→ **Exercise brief**: Pictures stay out; everything else in the records gets transcribed exactly.

→ **Data to use**:
○ ○ ○ ○ ○ ○ ○
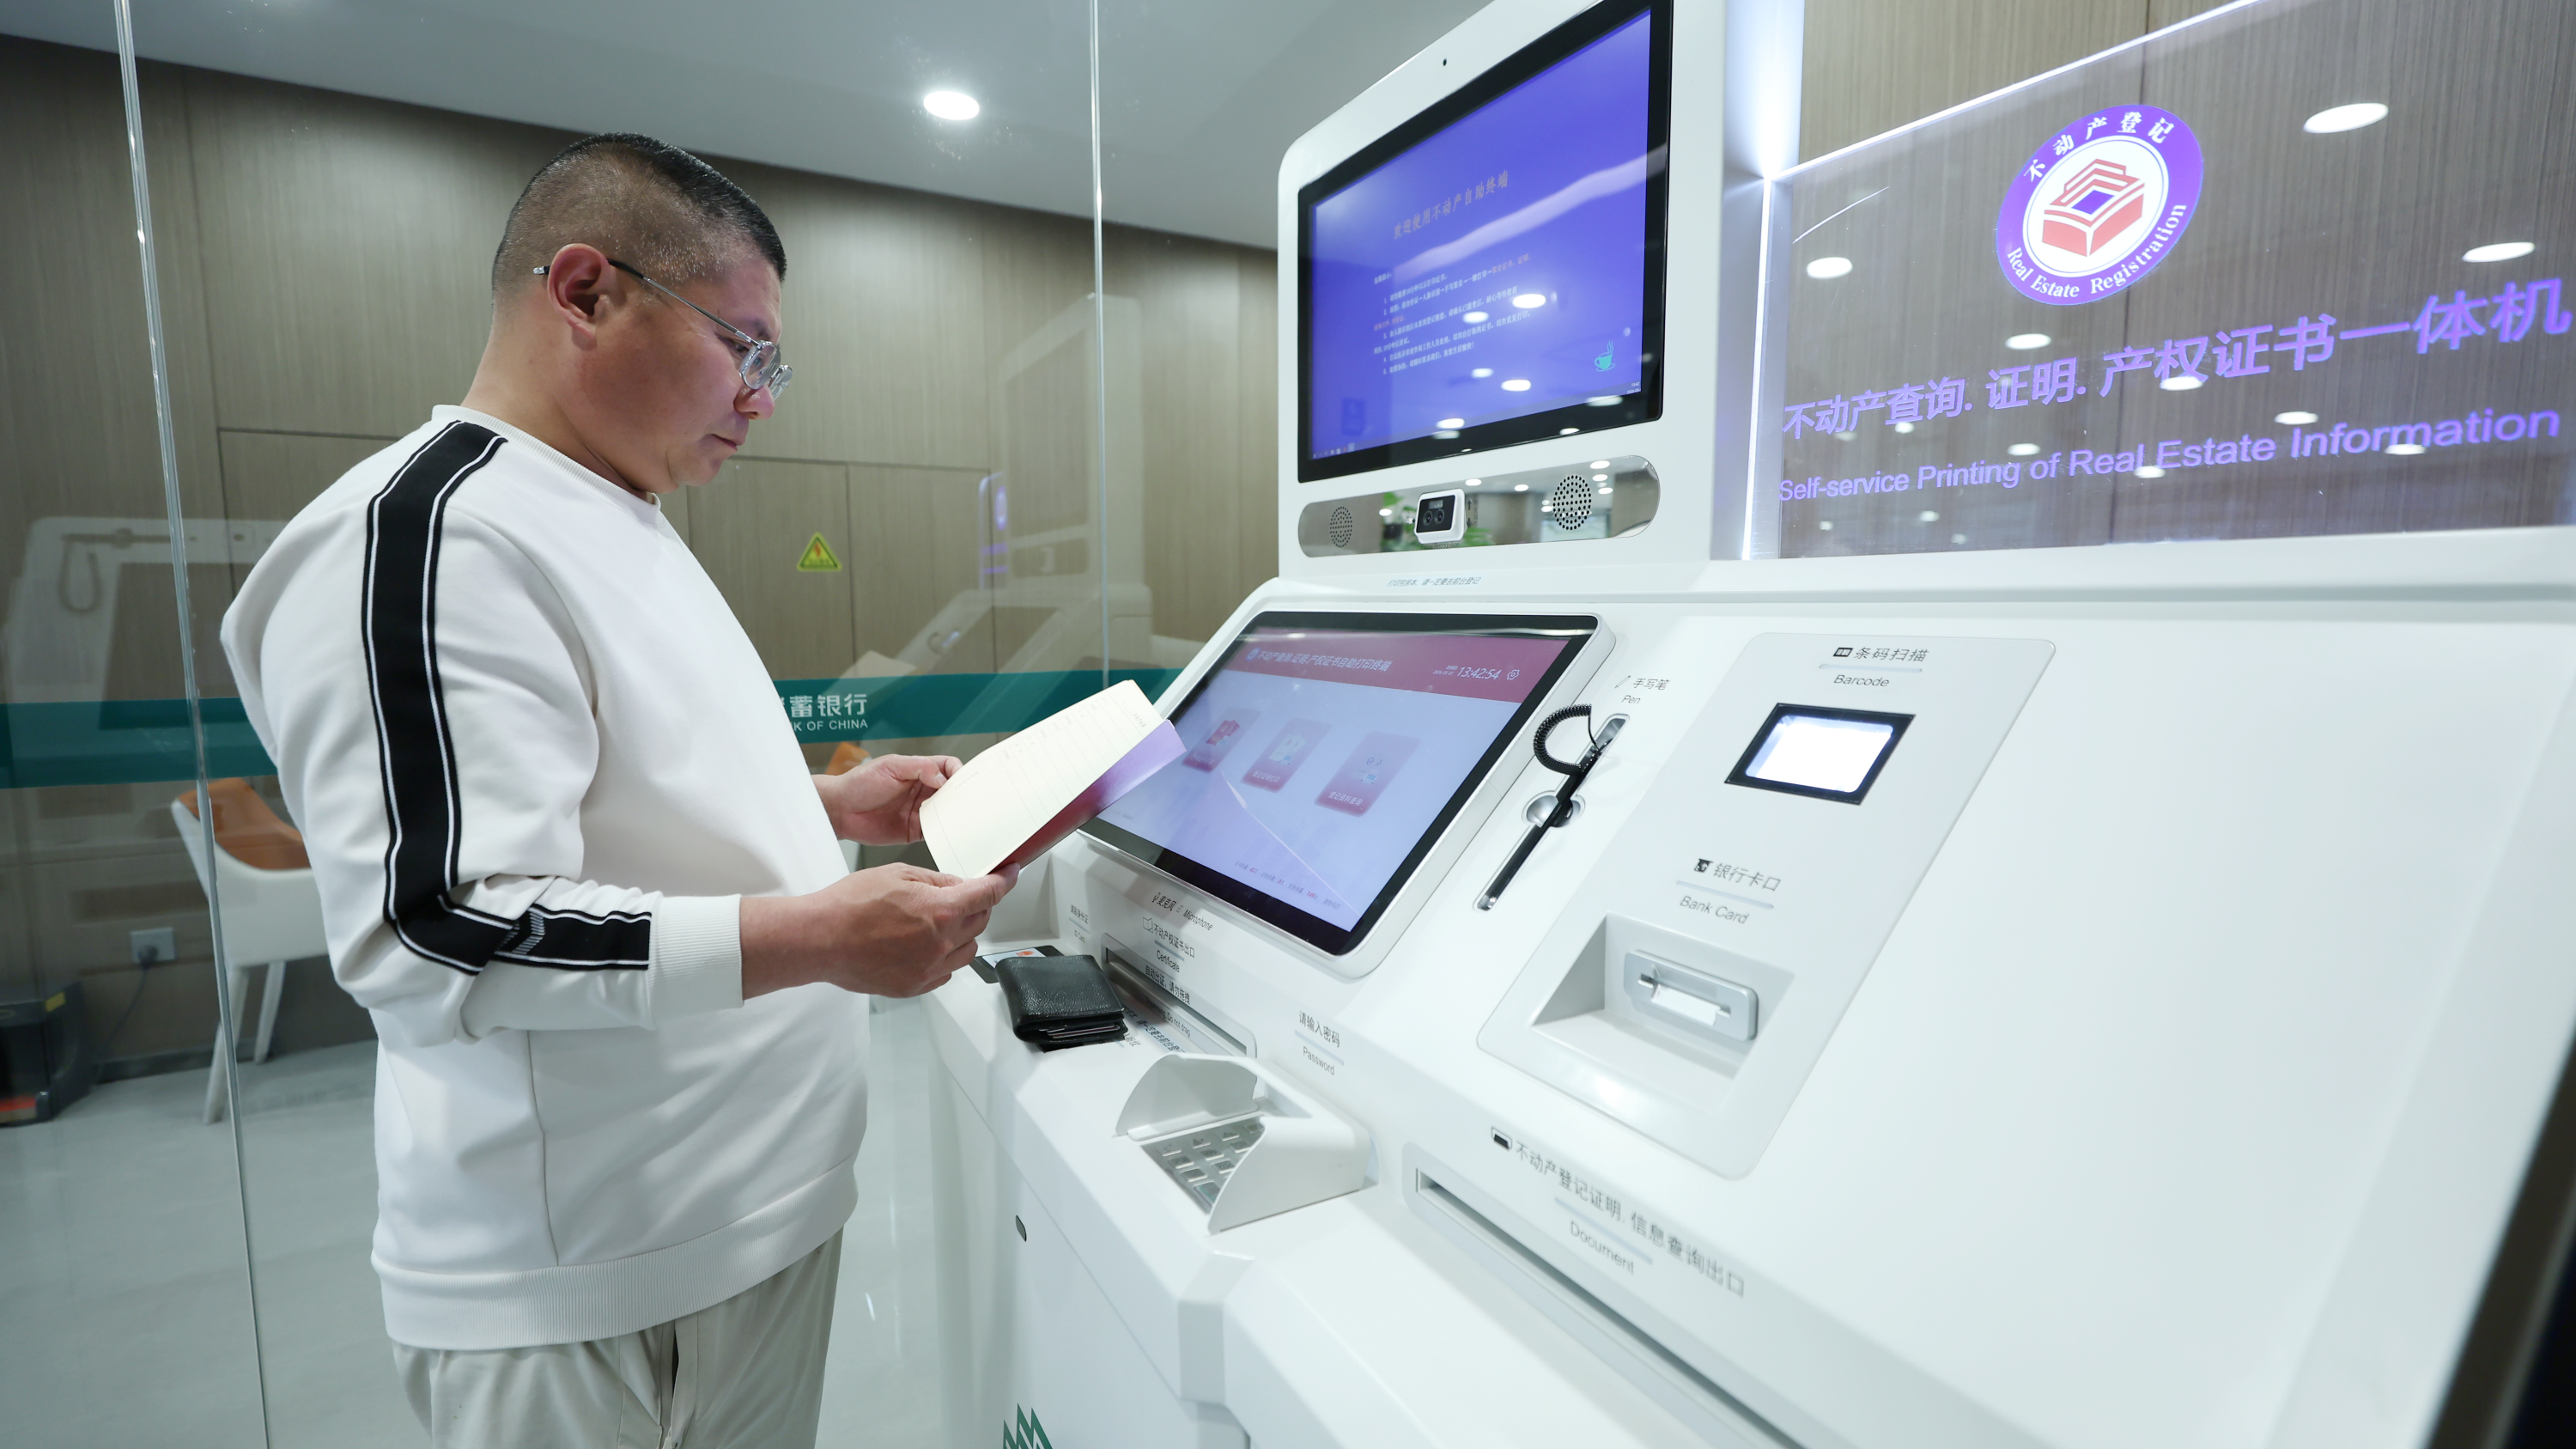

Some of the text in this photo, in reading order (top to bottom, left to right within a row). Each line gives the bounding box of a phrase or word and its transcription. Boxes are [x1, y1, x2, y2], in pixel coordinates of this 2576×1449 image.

[2023, 111, 2175, 183] 不动产登记
[1394, 169, 1509, 240] 欢迎使用不动产自助终端
[2007, 203, 2188, 298] Real Estate Registration
[1783, 277, 2573, 440] 不动产查询. 证明. 产权证书一体机
[1778, 408, 2561, 502] Self-service Printing of Real Estate Information
[1853, 647, 1930, 663] 条码扫描
[1457, 667, 1502, 679] 13:42:54
[1633, 678, 1671, 691] 手写笔
[1833, 674, 1890, 688] Barcode
[780, 693, 867, 718] 蓄银行
[1621, 694, 1641, 703] Pen
[807, 721, 824, 731] OF
[829, 719, 868, 730] CHINA
[1327, 791, 1364, 807] 登记资料查询
[1713, 861, 1782, 892] 银行卡口
[1157, 895, 1177, 911] 麦克风
[1680, 894, 1750, 925] Bank Card
[1183, 909, 1213, 931] Microphone
[1153, 923, 1195, 959] 不动产权证书出口
[1157, 949, 1180, 972] Certificate
[1173, 1018, 1182, 1029] not
[1299, 1010, 1340, 1048] 请输入密码
[1303, 1045, 1334, 1075] Password
[1570, 1220, 1635, 1276] Document
[1631, 1212, 1746, 1299] 信息查询出口
○ ○ ○ ○ ○ ○ ○
→ **Solved exercise**:
Some of the text in this photo, in reading order (top to bottom, left to right within a row). Each line gives the bounding box of a phrase or word and its transcription. Boxes are [x1, y1, x2, y2], in pixel coordinates of this 2576×1449 image.

[2023, 111, 2175, 183] 不动产登记
[1394, 169, 1509, 240] 欢迎使用不动产自助终端
[2007, 203, 2188, 298] Real Estate Registration
[1783, 277, 2573, 440] 不动产查询. 证明. 产权证书一体机
[1778, 408, 2561, 502] Self-service Printing of Real Estate Information
[1853, 647, 1930, 663] 条码扫描
[1457, 667, 1502, 679] 13:42:54
[1633, 678, 1671, 691] 手写笔
[1833, 674, 1890, 688] Barcode
[780, 693, 867, 718] 蓄银行
[1621, 694, 1641, 703] Pen
[807, 721, 824, 731] OF
[829, 719, 868, 730] CHINA
[1327, 791, 1364, 807] 登记资料查询
[1713, 861, 1782, 892] 银行卡口
[1157, 895, 1177, 911] 麦克风
[1680, 894, 1750, 925] Bank Card
[1183, 909, 1213, 931] Microphone
[1153, 923, 1195, 959] 不动产权证书出口
[1157, 949, 1180, 972] Certificate
[1173, 1018, 1182, 1029] not
[1299, 1010, 1340, 1048] 请输入密码
[1303, 1045, 1334, 1075] Password
[1570, 1220, 1635, 1276] Document
[1631, 1212, 1746, 1299] 信息查询出口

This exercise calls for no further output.